What a day I had yesterday.

It began at 9:00 AM with a shuttle to the La Spezia train station in Italy and ended around 10:00 PM at my hostel in Lucerne, Switzerland. The first leg of the trip- a train ride to Milan- went smoothly enough but I had only 20 minutes after arriving to catch the 2nd leg to Arth-Goldau in Switzerland, and I hadn’t pre-booked my ticket for fear of arriving late. As it turns out, my 2nd leg is a pretty popular route and both the next departure and the one after that were fully booked. Great. Now I have a 3+ hour layover and I get to pay 50 extra dollars for the privilege. Overall I spent more than $160 USD on the trip by train so I’ll check cheap flights next time. Luckily the Milano Centrale train station is an incredible structure so I killed some time just walking around admiring this monstrosity.
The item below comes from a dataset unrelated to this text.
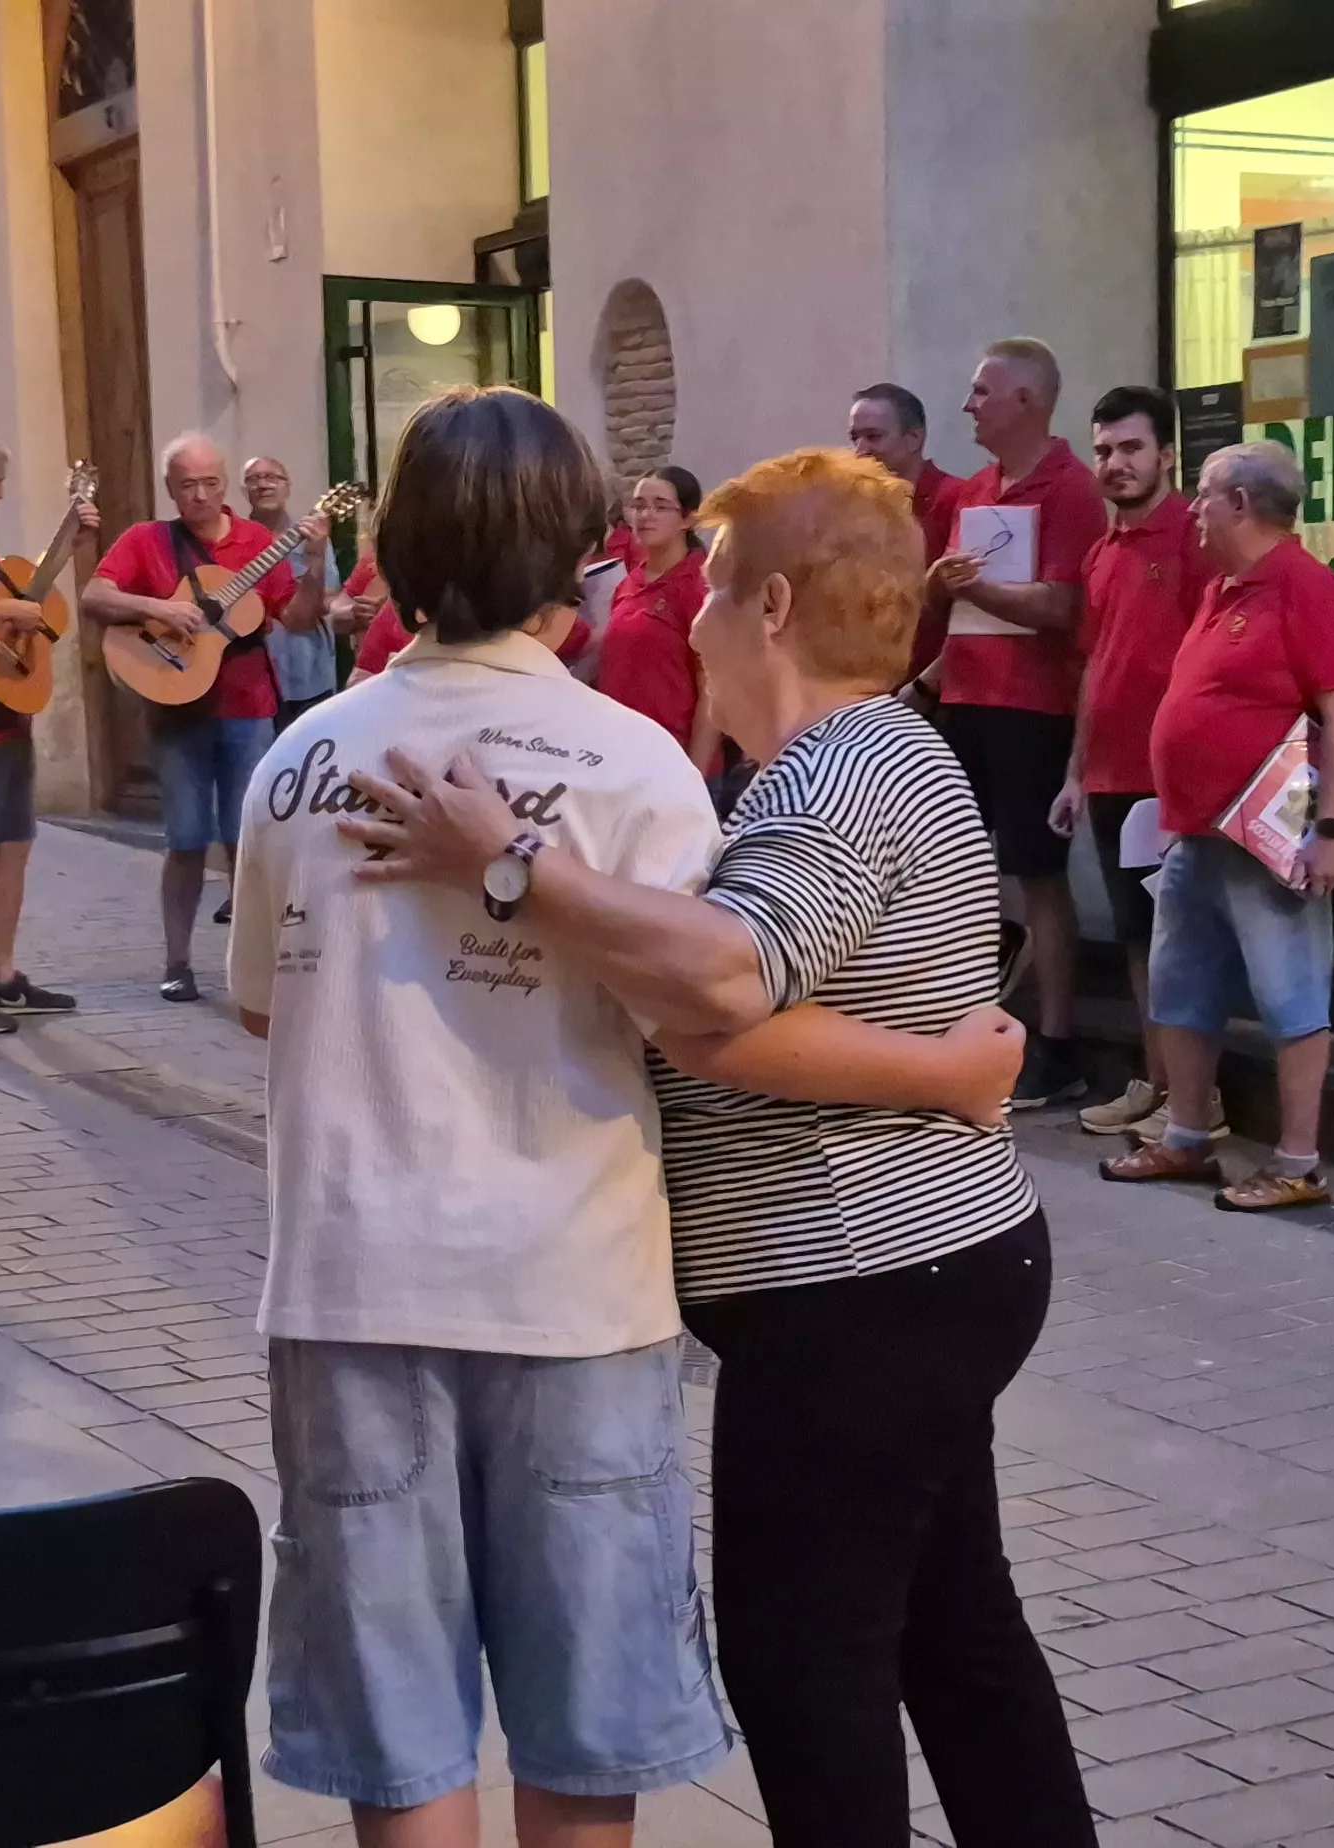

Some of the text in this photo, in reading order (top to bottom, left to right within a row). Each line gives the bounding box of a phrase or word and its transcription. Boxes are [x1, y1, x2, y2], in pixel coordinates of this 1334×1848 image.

It’s interesting to travel between countries by rail; a first for me. In Italy you hear Italian and in Switzerland it’s all German, but on inter-country journeys you hear mixtures of both, sometimes from the same person.

But I digress. As the train for my 2nd leg pulled into the Arth-Goldau station there was an announcement that a train waiting at Track 5 was bound for Lucerne, my final destination. Now, when you arrive in a new country, whether by bus, train, or airplane, it takes a bit to get your bearings. People are pouring out of the train and rushing every which way, you can’t read the signs, and you don’t yet know how to purchase tickets. Time was of the essence though, so I hurried around a corner and spotted the train on Track 5. Great! Now how the hell do I get a ticket?!? Ah, there’s a self-service kiosk (these were so easy in Italy). It’s all in German! Where is the little British flag for me to click!?! Hurry! A couple of young guys come up behind me and I let them go ahead because they appear to need the same ticket and I’m clueless. I try following the blur of the guy’s fingers but there is no hope. I don’t recall what I said but he offered to help even though I could see the apprehension on his face as the train will pull away in a matter of seconds (Swiss and German transportation doesn’t mess around). He guides me until the payment section and then runs off toward the train. Hurry up machine! Print the ticket! I grab my ticket and lumber toward the train, as fast as my back and frontpacks will allow. The attendant is yelling something in German to my blonde-haired savior as he is fighting against the train door, looking at me, preventing it from closing. I board the train and thank him profusely.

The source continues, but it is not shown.